[Spatial localization data]
_ _ _ _
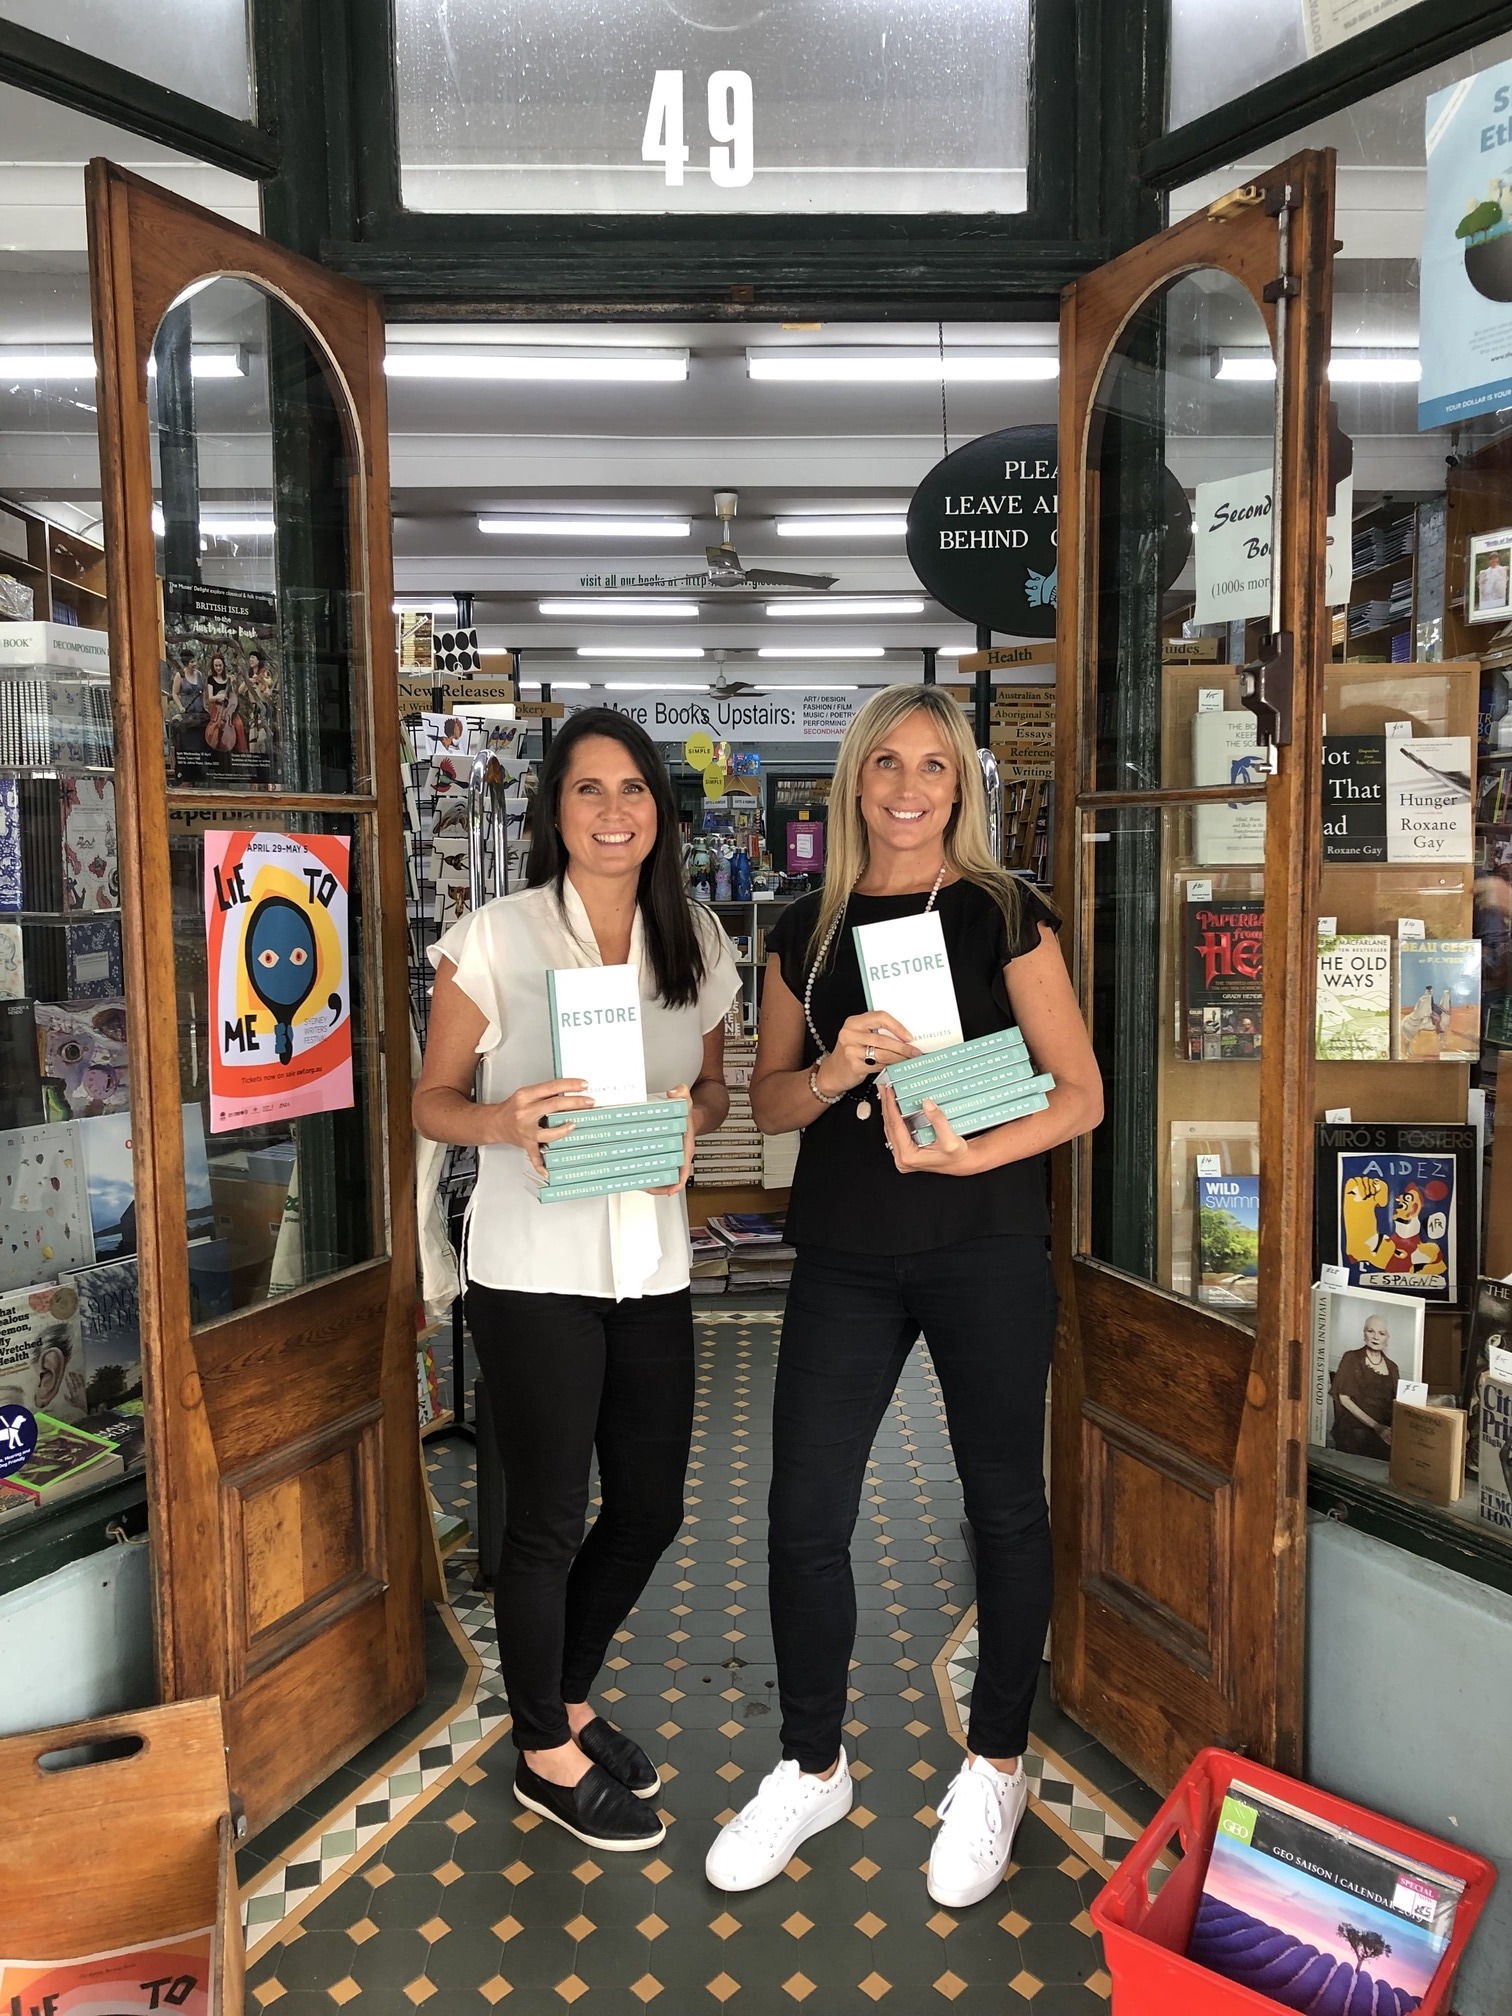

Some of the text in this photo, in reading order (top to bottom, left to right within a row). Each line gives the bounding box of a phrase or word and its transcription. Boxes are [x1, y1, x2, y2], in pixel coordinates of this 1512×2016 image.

[1493, 85, 1512, 113] S
[641, 70, 754, 188] 49
[1445, 389, 1511, 412] YOUR DOLLAR IS YOUR
[944, 495, 1023, 515] LEAVE
[939, 529, 1029, 549] BEHIND
[580, 574, 602, 586] visit
[604, 574, 617, 588] all
[620, 577, 636, 587] our
[195, 601, 249, 616] BRITISH ISLES
[192, 620, 237, 638] Australian
[53, 640, 107, 656] DECOMPOSITION
[987, 648, 1032, 665] Health
[399, 683, 505, 698] New Releases
[998, 691, 1041, 700] Australian
[603, 702, 796, 730] More Books Upstairs:
[994, 711, 1042, 720] Aboriginal
[1016, 729, 1052, 740] Essays
[1228, 723, 1244, 731] THE
[1010, 747, 1055, 757] Referenc
[1226, 740, 1241, 748] THE
[1012, 766, 1053, 778] Writing
[1329, 778, 1381, 799] That
[1400, 793, 1458, 810] Hunger
[1401, 818, 1457, 831] Roxane
[247, 843, 308, 853] APRIL 29-MAY 5
[1327, 845, 1382, 856] Roxane Gay
[1413, 835, 1445, 852] Gay
[213, 862, 338, 912] LIE TO
[869, 953, 945, 982] RESTORE
[1317, 957, 1387, 971] HE OLD
[1323, 974, 1374, 988] WAYS
[304, 1016, 327, 1026] SYDNEY
[561, 1006, 637, 1028] RESTORE
[224, 1014, 260, 1054] ME
[304, 1025, 328, 1035] WRITERS
[903, 1053, 948, 1072] ESSENTIALISTS
[241, 1076, 262, 1084] Tickets
[910, 1071, 954, 1089] ESSENTIALISTS
[945, 1097, 987, 1115] ESSENTIALISTS
[564, 1131, 612, 1142] ESSENTIALISTS
[1397, 1130, 1474, 1149] POSTERS
[561, 1151, 608, 1163] ESSENTIALISTS
[565, 1167, 611, 1179] ESSENTIALISTS
[1362, 1160, 1446, 1179] AIDEZ
[556, 1185, 603, 1197] ESSENTIALISTS
[1206, 1182, 1240, 1195] WILD
[1369, 1273, 1440, 1288] ESPAGNE
[1487, 1284, 1510, 1299] THE
[1317, 1297, 1327, 1345] VIVIENNE
[1315, 1348, 1326, 1405] WESTWOOD
[1222, 1818, 1249, 1839] GEO
[1272, 1846, 1396, 1911] GEO SAISON CALENDAR
[1400, 1877, 1435, 1898] SPECIAL
[139, 1974, 198, 2010] TO
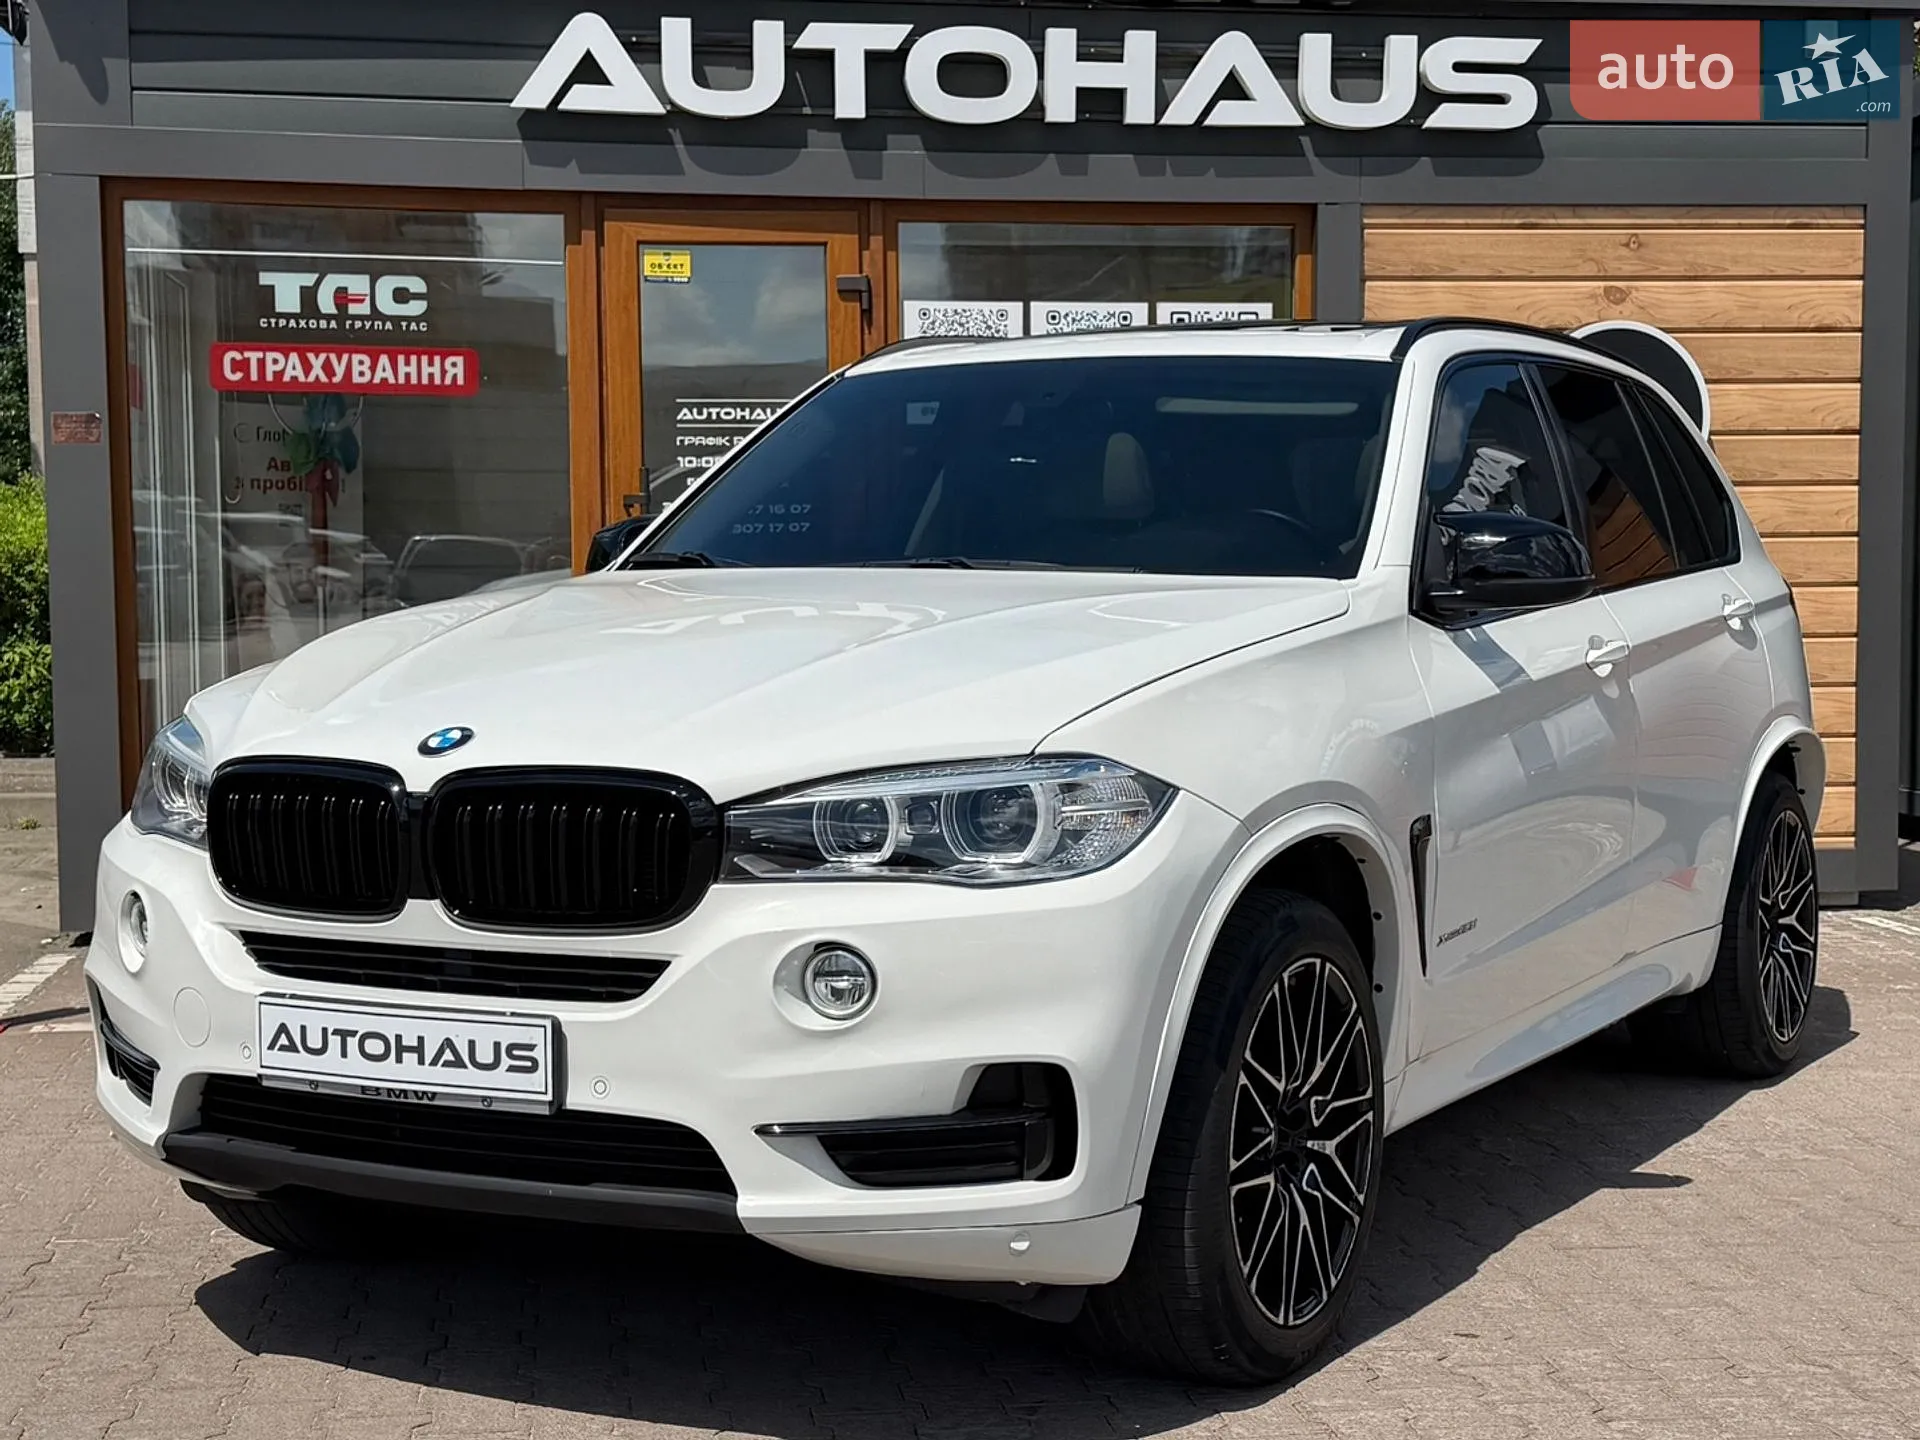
_ _ _ _
→ **TASK**
Only an exact copy of the records, free of images, belongs in the answer.

→ **WRITTEN ANSWER**
Some of the text in this photo, in reading order (top to bottom, left to right within a row). Each line gives the bounding box of a phrase or word and its transcription. Boxes are [x1, y1, x2, y2], in pixel coordinates of this 1512×2016 image.

[1493, 85, 1512, 113] S
[641, 70, 754, 188] 49
[1445, 389, 1511, 412] YOUR DOLLAR IS YOUR
[944, 495, 1023, 515] LEAVE
[939, 529, 1029, 549] BEHIND
[580, 574, 602, 586] visit
[604, 574, 617, 588] all
[620, 577, 636, 587] our
[195, 601, 249, 616] BRITISH ISLES
[192, 620, 237, 638] Australian
[53, 640, 107, 656] DECOMPOSITION
[987, 648, 1032, 665] Health
[399, 683, 505, 698] New Releases
[998, 691, 1041, 700] Australian
[603, 702, 796, 730] More Books Upstairs:
[994, 711, 1042, 720] Aboriginal
[1016, 729, 1052, 740] Essays
[1228, 723, 1244, 731] THE
[1010, 747, 1055, 757] Referenc
[1226, 740, 1241, 748] THE
[1012, 766, 1053, 778] Writing
[1329, 778, 1381, 799] That
[1400, 793, 1458, 810] Hunger
[1401, 818, 1457, 831] Roxane
[247, 843, 308, 853] APRIL 29-MAY 5
[1327, 845, 1382, 856] Roxane Gay
[1413, 835, 1445, 852] Gay
[213, 862, 338, 912] LIE TO
[869, 953, 945, 982] RESTORE
[1317, 957, 1387, 971] HE OLD
[1323, 974, 1374, 988] WAYS
[304, 1016, 327, 1026] SYDNEY
[561, 1006, 637, 1028] RESTORE
[224, 1014, 260, 1054] ME
[304, 1025, 328, 1035] WRITERS
[903, 1053, 948, 1072] ESSENTIALISTS
[241, 1076, 262, 1084] Tickets
[910, 1071, 954, 1089] ESSENTIALISTS
[945, 1097, 987, 1115] ESSENTIALISTS
[564, 1131, 612, 1142] ESSENTIALISTS
[1397, 1130, 1474, 1149] POSTERS
[561, 1151, 608, 1163] ESSENTIALISTS
[565, 1167, 611, 1179] ESSENTIALISTS
[1362, 1160, 1446, 1179] AIDEZ
[556, 1185, 603, 1197] ESSENTIALISTS
[1206, 1182, 1240, 1195] WILD
[1369, 1273, 1440, 1288] ESPAGNE
[1487, 1284, 1510, 1299] THE
[1317, 1297, 1327, 1345] VIVIENNE
[1315, 1348, 1326, 1405] WESTWOOD
[1222, 1818, 1249, 1839] GEO
[1272, 1846, 1396, 1911] GEO SAISON CALENDAR
[1400, 1877, 1435, 1898] SPECIAL
[139, 1974, 198, 2010] TO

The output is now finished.